皆の座る前に2人は立つと、身体を密着させ視線を上げた。まるで婚約報告のように、2人は手を握りしめている。
「数日前、マイトの森で黒竜の亜種に遭遇した際、たつとら様に助けて頂きました。縁あって再会出来たのは僥倖であり、聖女様のお導きでしょう」
ジャックが驚いたようにたつとらを見つめている。その視線に耐えられなくなったのか、彼は立ち上がり自身の髪を掻き回した。
「いや、いいんです。もう忘れて下さい。で、話はなんですか?」
髪を掻き回したせいか手首が痛んだらしく、たつとらは手をパーにしたまま顔を顰めている。

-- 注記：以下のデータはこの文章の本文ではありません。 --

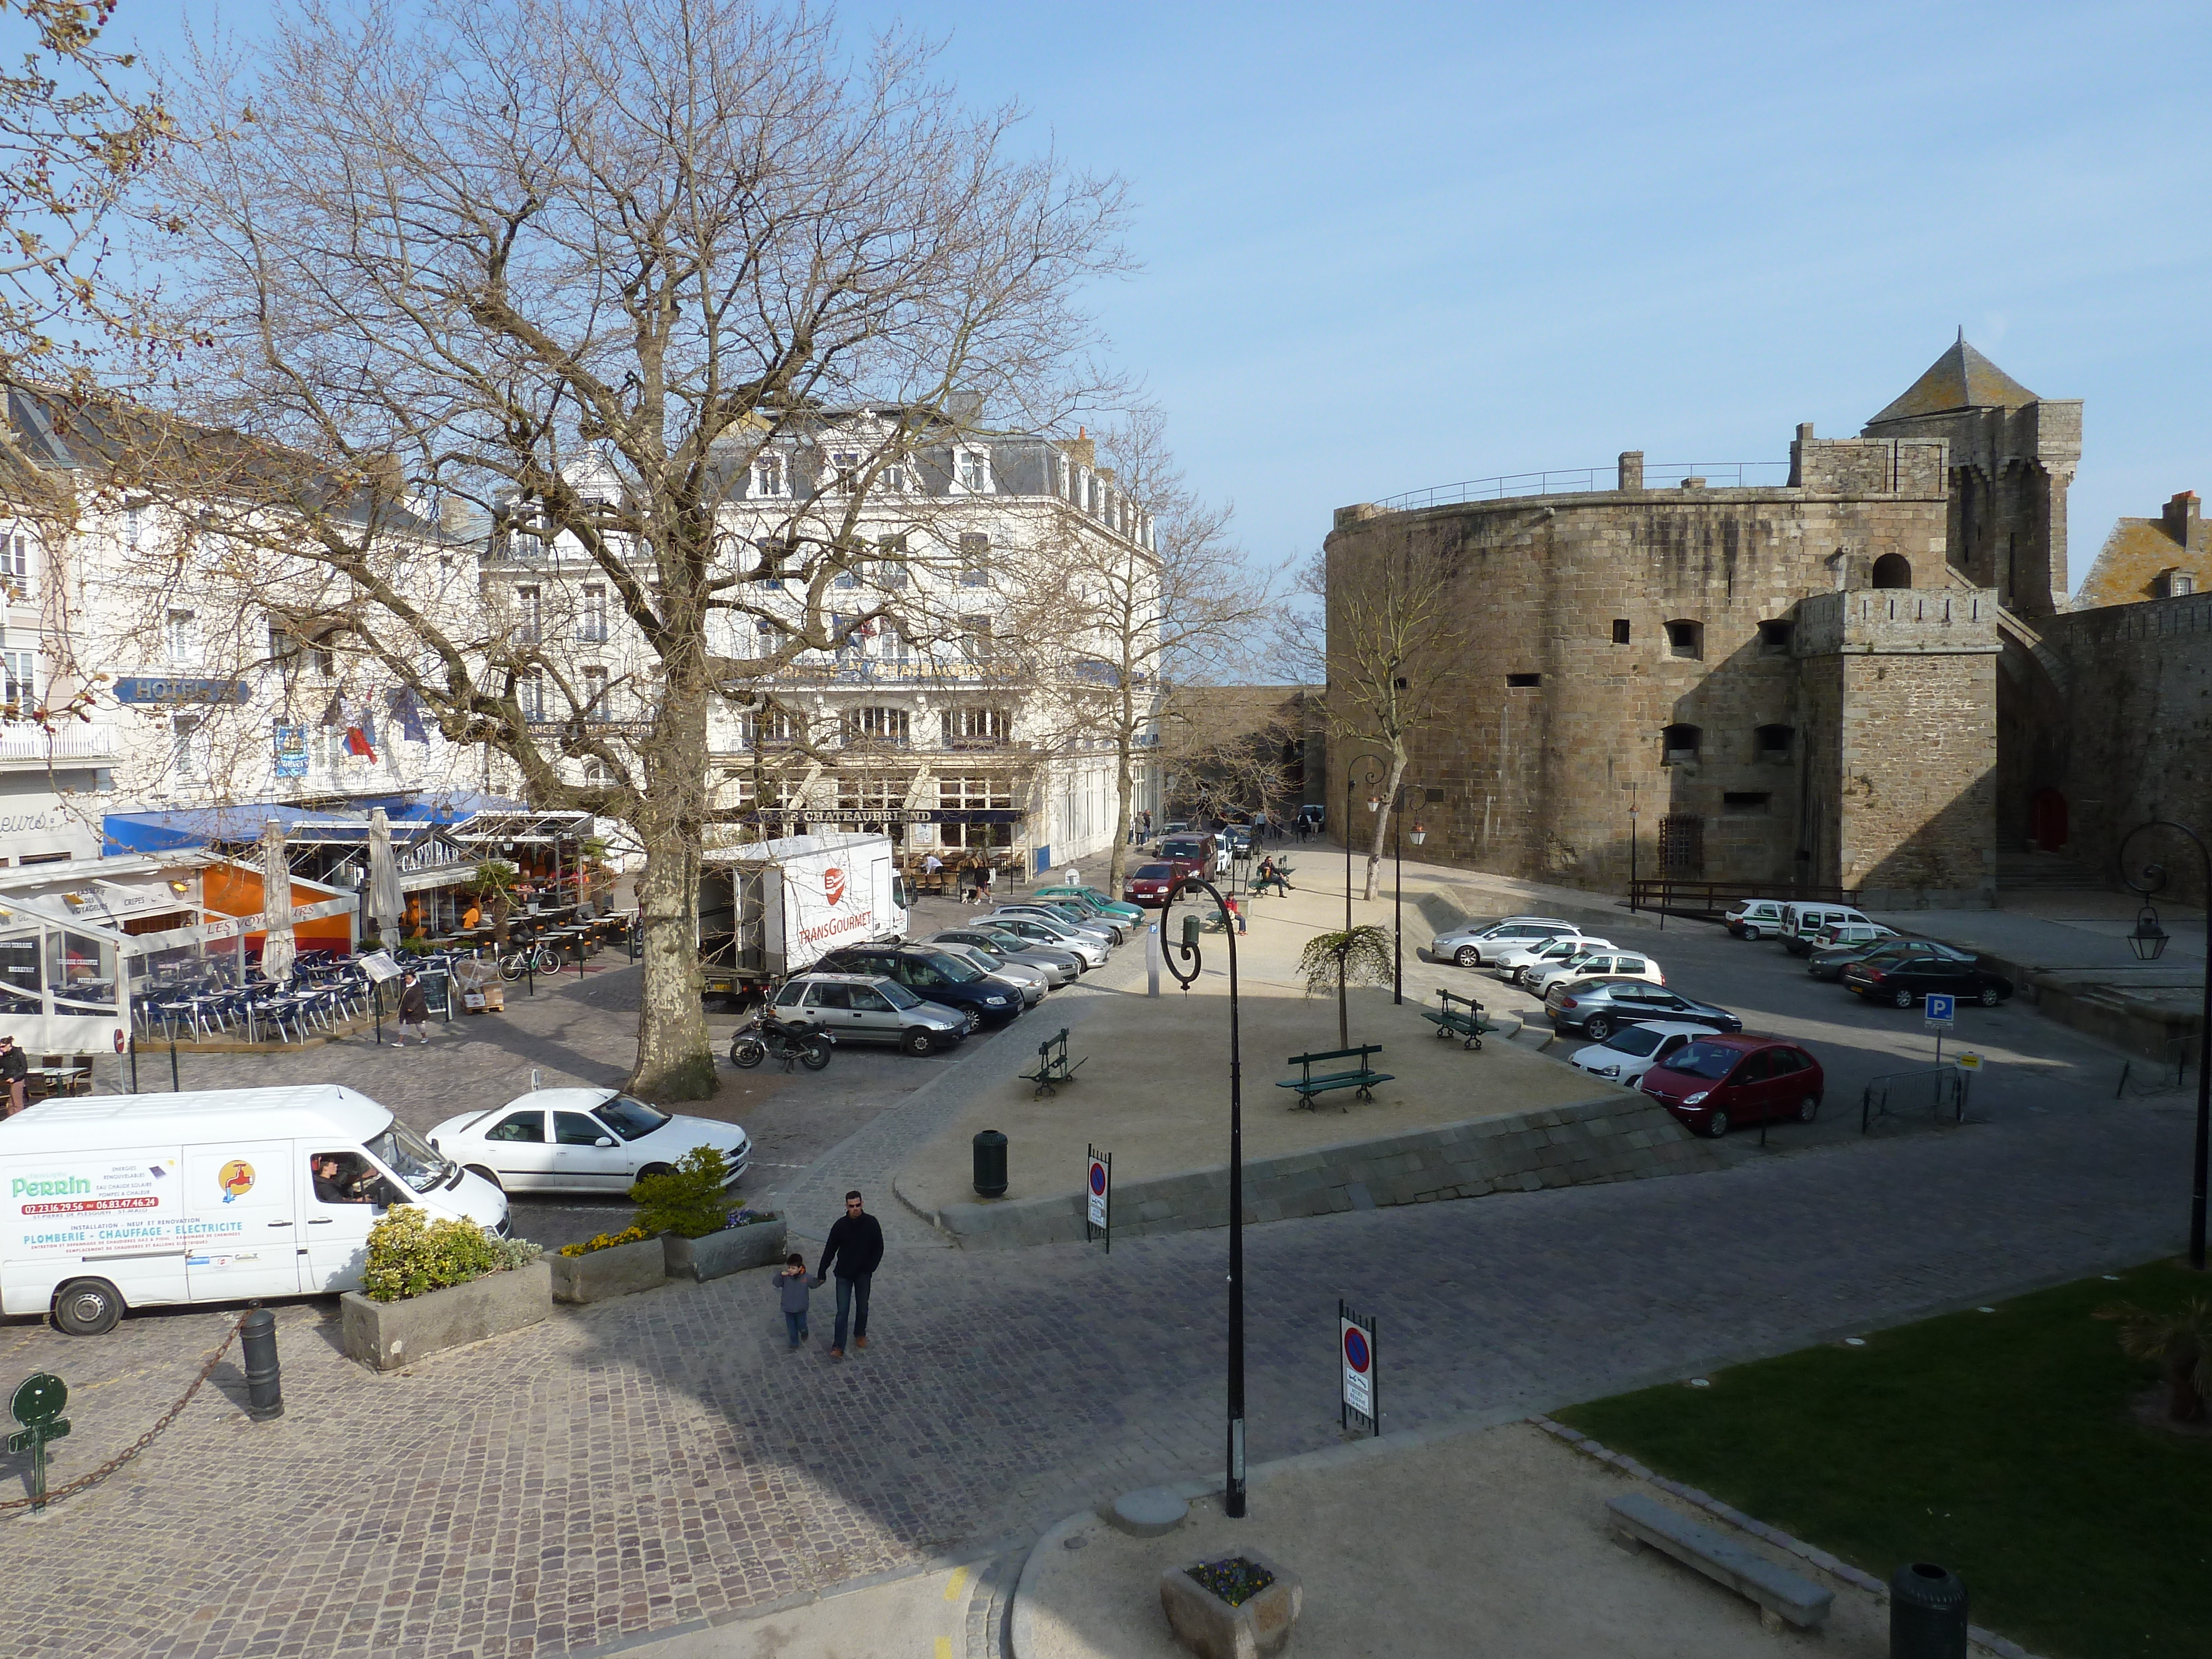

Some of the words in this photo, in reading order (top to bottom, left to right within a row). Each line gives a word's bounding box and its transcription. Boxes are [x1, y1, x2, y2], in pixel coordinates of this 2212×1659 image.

[804, 811, 931, 822] CHATEAUBRIND
[434, 841, 460, 867] BAR
[76, 887, 106, 896] RASSERIE
[207, 921, 231, 935] LES
[1933, 999, 1946, 1015] P
[25, 1202, 84, 1214] 02.23.16.29.56
[96, 1198, 155, 1209] 06.83.47.46.24
[24, 1232, 86, 1244] PLOMBERIE
[98, 1227, 162, 1239] CHAUFFAGE
[175, 1222, 243, 1234] ELECTRICITE
[71, 1223, 118, 1231] INSTALLATION

何の話かは分からないが、彼は皆を巻き込むのを気にしているようだ。早めに王宮を出ていきたいのが本音だろう。
「皆さまはウェリンクの軍人だと聞きます。ではたつとら様は?」
「その様っていうのは止めて下さい。それに俺は軍人じゃないですよ」
「それは良かった!」
視線を合わせて喜ぶサーシャとアレクサンドリアに、ミンユエが首を傾げた。チャンが足を組み直しながら口を開く。
「彼が軍人じゃないことが、なぜそんなに喜ばしいのですか?」
「たつとら様が軍人だと、ウェリンク国へ許可を取らねばなりませんので」
「様はやめてって……」
「何の許可でしょうか?」
タールマが立て続けに問い、たつとらは自分を差し置いて話が進んでいることに目を丸くしている。ボルエスタが彼を座らせて、自身が立ち上がった。

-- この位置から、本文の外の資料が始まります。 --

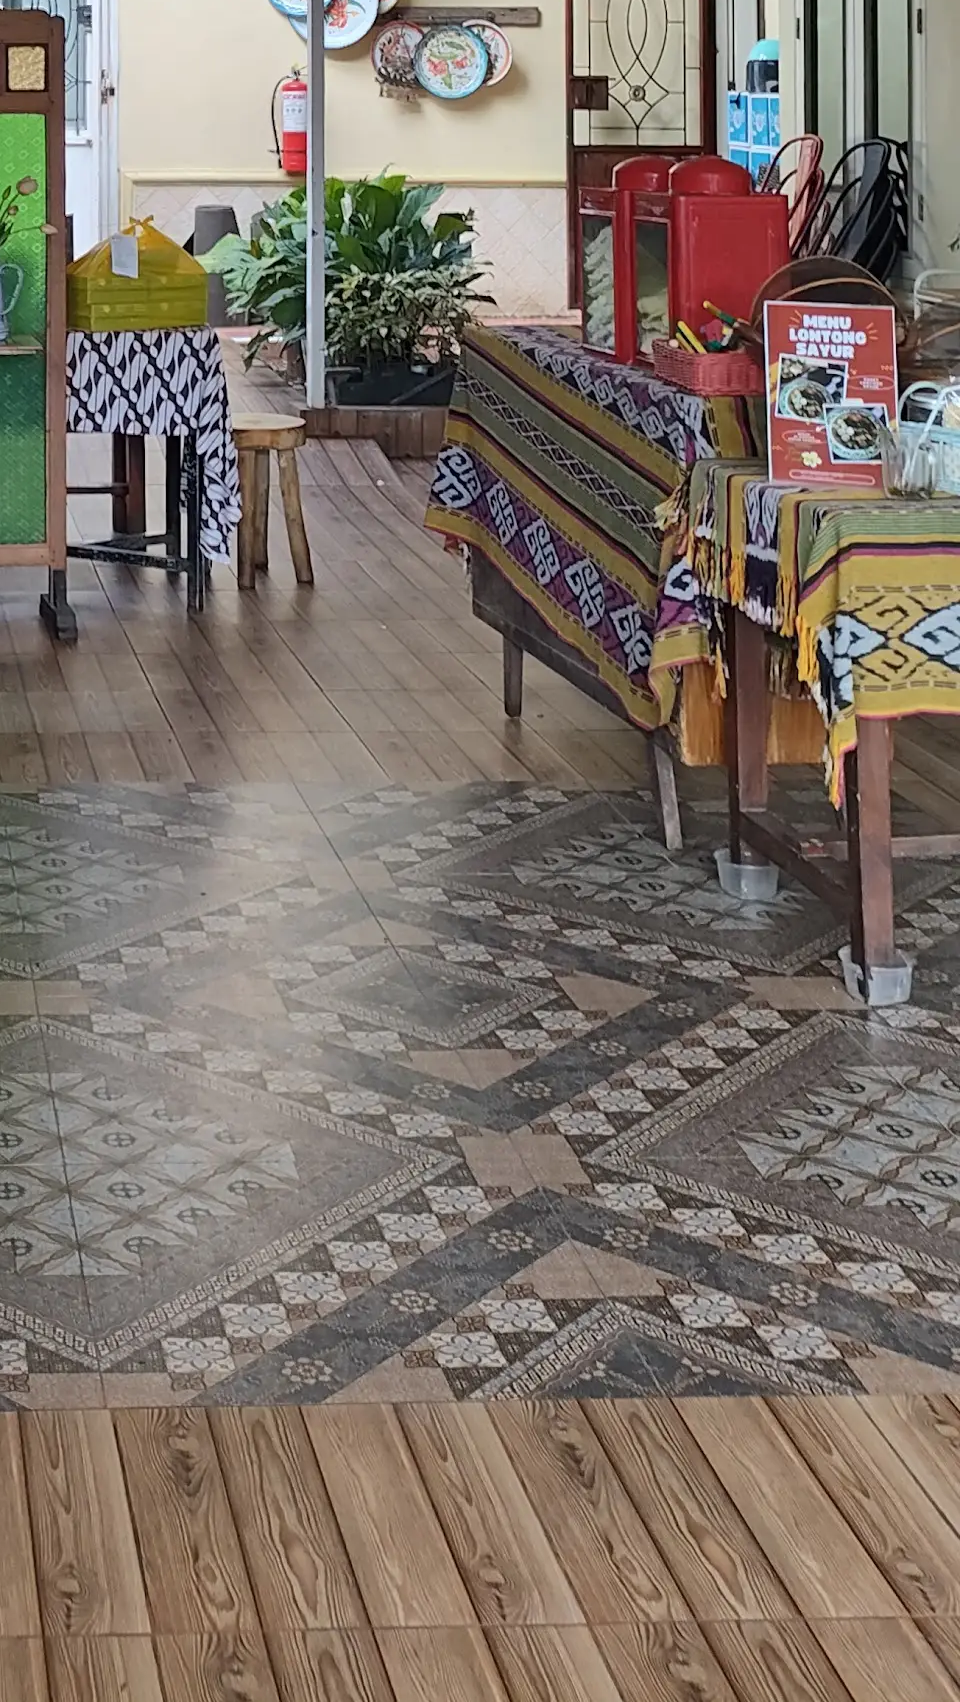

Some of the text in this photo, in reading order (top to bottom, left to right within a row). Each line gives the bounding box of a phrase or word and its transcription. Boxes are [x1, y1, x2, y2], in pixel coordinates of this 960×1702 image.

[803, 314, 852, 330] MENU
[789, 327, 867, 346] LONTONG
[795, 342, 855, 359] SAYUR

「彼に何を求めているのですか?礼をして終わりではなさそうですが」
アレクサンドリアがまた瞳の奥に影を落としながら、ボルエスタを見る。サーシャが彼女の肩に手を置くと、皇族特有の威厳を匂わせながら口を開いた。
「あなたたちは彼の何です?あなた方は全員軍人でありながら、彼は違います。もしウェリンクで何かあり、彼を連れ帰って幽閉でもするつもりなら、このサーシャが彼を保護します」
ルメリアが唖然とした顔で立ち上がる。
「そんなことしない!彼は友人で、トーヤまで探しに来たんです!」
「こんな屈強そうな軍人が5人も、彼を探しに来たと?あなた方は一般兵には到底見えません。あれほど厳格なウェリンク国がそれを許したと?」
ぐぬぬ…と現実ではあまり聞かないような唸り声を上げ、ルメリアは黙り込んだ。アレクサンドリアがたつとらに視線を合わせる。

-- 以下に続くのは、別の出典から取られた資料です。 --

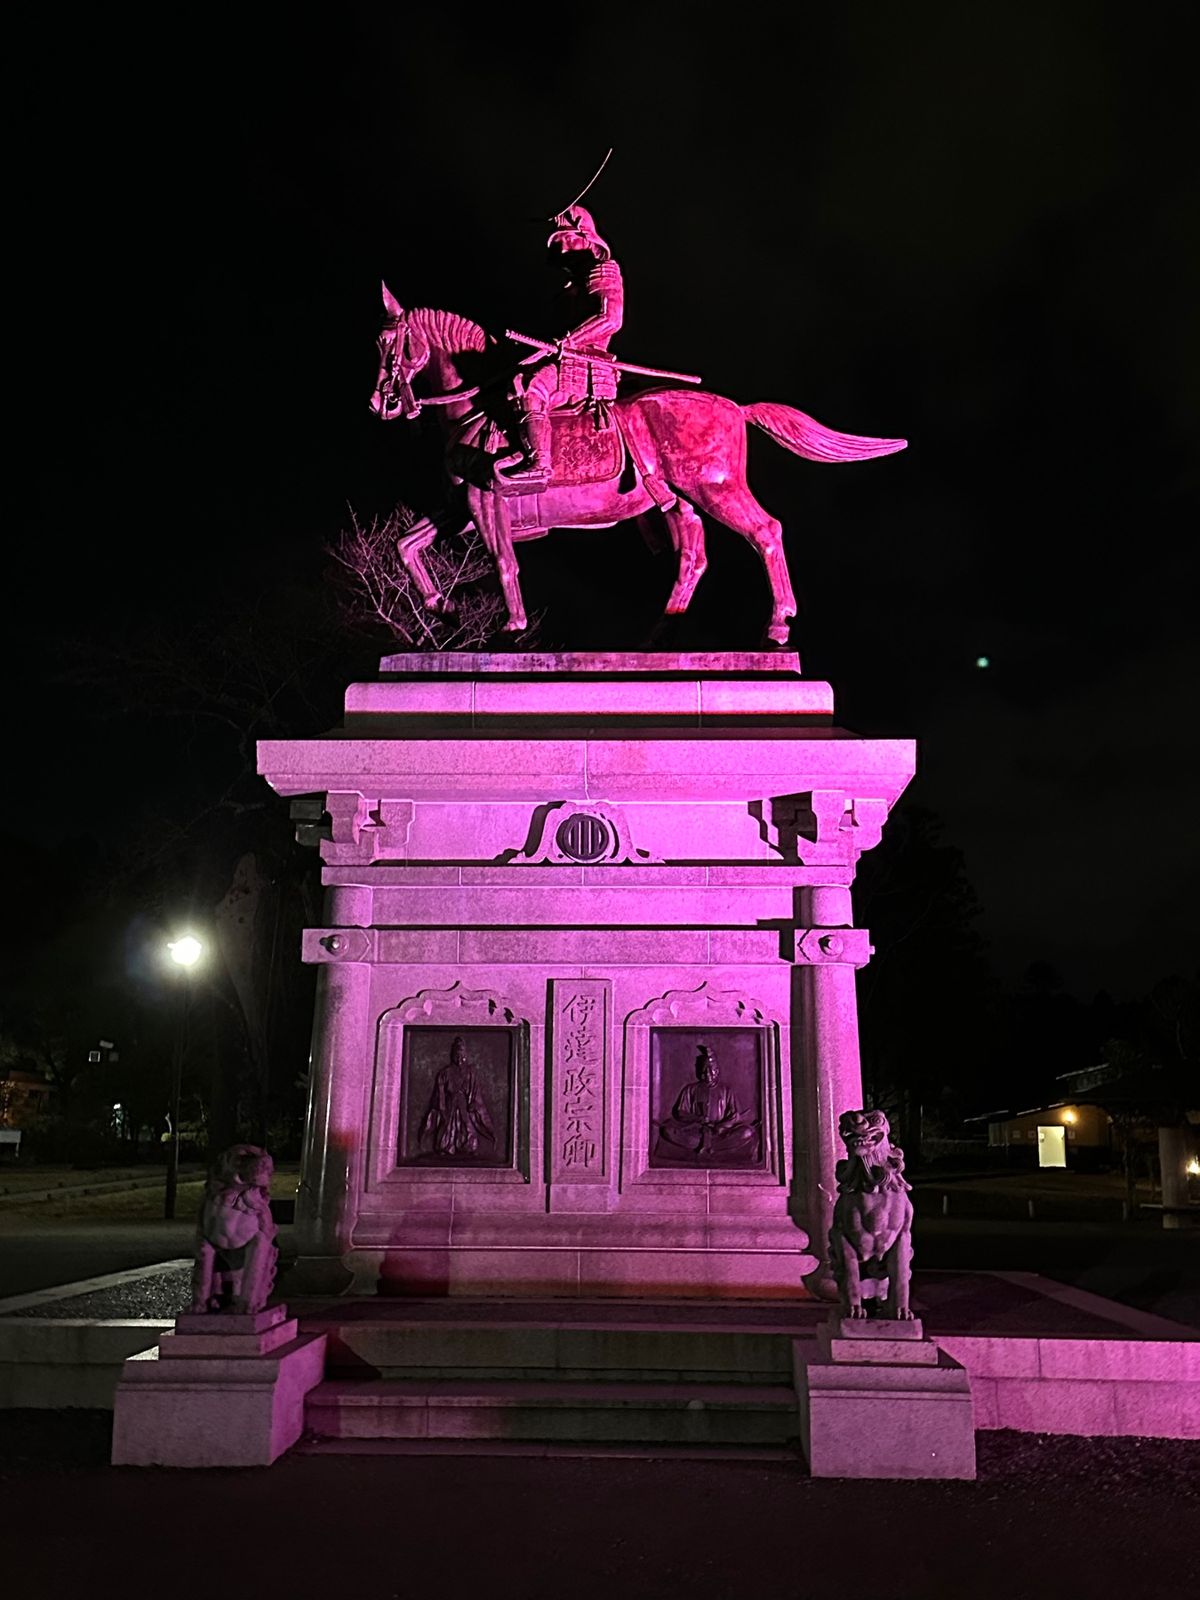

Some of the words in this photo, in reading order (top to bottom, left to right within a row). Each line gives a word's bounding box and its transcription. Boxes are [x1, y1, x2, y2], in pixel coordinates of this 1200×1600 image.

[562, 994, 600, 1168] 伊達政宗卿

「あれほどに強いたつとら様を捕まえるために、ウェリンク国は5人も差し出したのでは?」
「え!?そうなのか?おめぇ悪いことして追われてんのか?」
ジャックに問われて、たつとらは困惑している。
「そういえば、確かに追われても仕方ないと思うけど……」
「たっちゃんは黙ってて!」
珍しくミンユエが声を張り上げて、たつとらは口を引き結んだ。ジャックも同様に黙り込む。
チャンは怒る妹の頭に手を乗せると、挑発的な笑みを浮かべて立ち上がった。
「もしそうだとして、ラクレルに干渉する権利は無いはずだ。ラクレルにこいつが守れるのか?言っとくが相当危険な物件だぞ、こいつは」
確かに、とウェリンク組が頷く。
その言葉に反発するようにサーシャが決意を目に灯して、演説でもするかのように声を張った。
「守れるとも!……たつとら様!」
いきなり呼びかけられ、たつとらが目を丸くした。
「え?何?」
サーシャがアレクサンドリアの肩を抱いて引き寄せる。
「この私と子供をつくって下さいませんか!?」
その言葉に一同唖然としたのは言うまでもない。